- Tightening supplies and record demand have sent global crude oil prices up 15% since the start of July – and the International Energy Agency says they can continue to rise.
- Production cuts in Saudi Arabia contributed to a decline in global inventories, which are likely to fall for the fourth consecutive month in August.
- However, the International Energy Agency expects global demand growth to fall by more than half in 2024, which could provide relief from rising prices.
The International Energy Agency said today that declining global oil inventories, lower production by OPEC + members and record high demand may drive crude prices for the rest of the year.
But some relief for consumers hurt by recent hikes in oil and gasoline prices could loom in 2024.
The International Energy Agency said global oil demand reached an all-time high of 103 million barrels per day in June and August and could rise further in the coming months. That would bring average daily demand for 2023 to 102.2 million bpd, up 2.2 million from last year, and the highest annual level on record.
Stronger-than-expected use from China has contributed to demand growth this year, which has occurred as concerns about the global economy fade.
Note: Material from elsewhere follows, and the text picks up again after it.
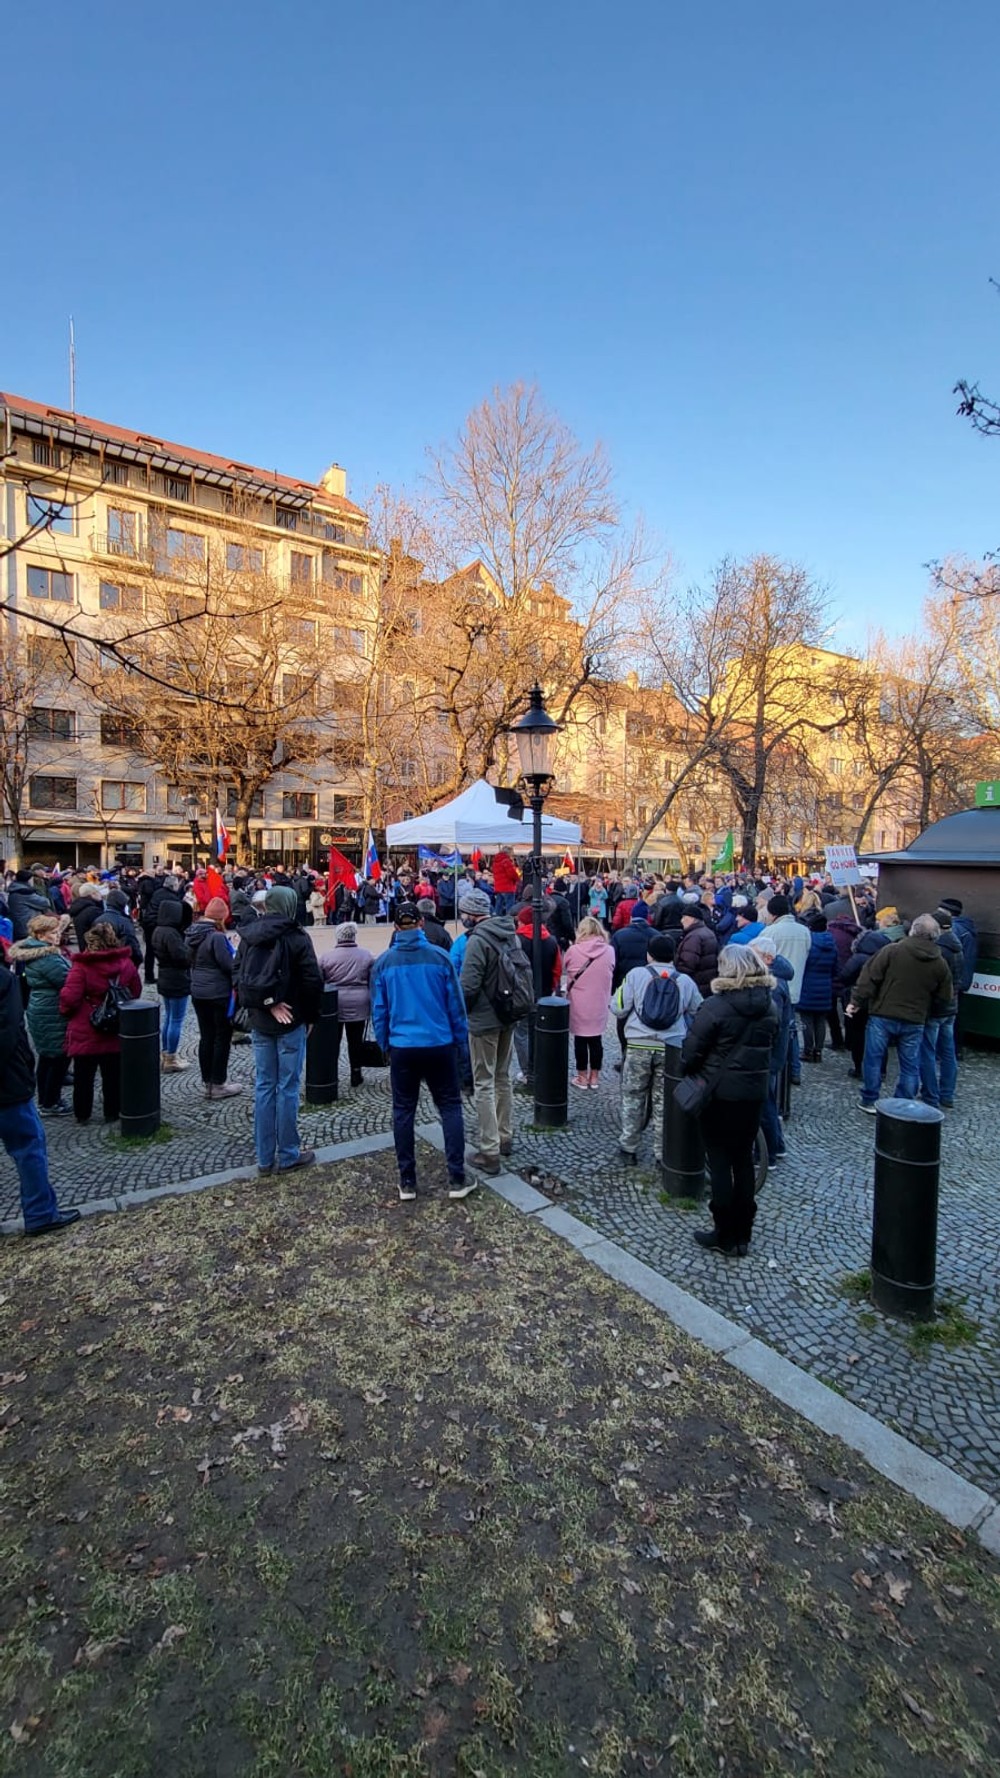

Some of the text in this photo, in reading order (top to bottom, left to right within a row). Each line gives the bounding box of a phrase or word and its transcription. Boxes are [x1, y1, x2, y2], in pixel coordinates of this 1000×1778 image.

[985, 786, 994, 800] i
[831, 860, 857, 870] GO HOME
“The deepening of OPEC+ production cuts collided with improved macroeconomic sentiment and an all-time high global demand,” the International Energy Agency said in its monthly report, referring to global oil prices that jumped near 2023 highs last month.
However, the International Energy Agency expects demand growth to slow to 1 million barrels per day in 2024, down 150,000 from its previous forecast. The outlook points to a post-pandemic recovery that the IEA said has “largely run its course”, leading to slowing economic conditions, tightening fuel efficiency standards and an increased transition away from fossil fuels.
Brent crude prices have risen since the beginning of July as refiners try to keep up with rising summer demand.
That fuel demand sent U.S. gasoline prices up 8% in the past month to an average of $3.94 a gallon in the week ending Monday, the highest level in 10 months. Refiners have struggled to keep up with demand, especially as high temperatures have forced some to operate at lower levels.
However, the agency estimates that global refineries will produce 83.9 billion barrels per day in August, up 2.4 million barrels from May and 2.6 million barrels more than last summer’s peak.
Supplies are shrinking
Meanwhile, the IEA’s latest forecast comes after global oil supplies fell 910,000 barrels to 100.9 million barrels per day in July, supported by a sharp production cut from Saudi Arabia.
Global inventories fell 17.3 billion in June, with 115.4 million bpd below the five-year average. Preliminary data indicates inventories continued to decline, with August posting its fourth consecutive monthly decline.
Overall, global oil production is likely to rise by 1.5 million barrels per day this year, with US production making up 80% of that amount, according to the International Energy Agency. But the increase still follows global demand growth expected this year by 700,000 barrels.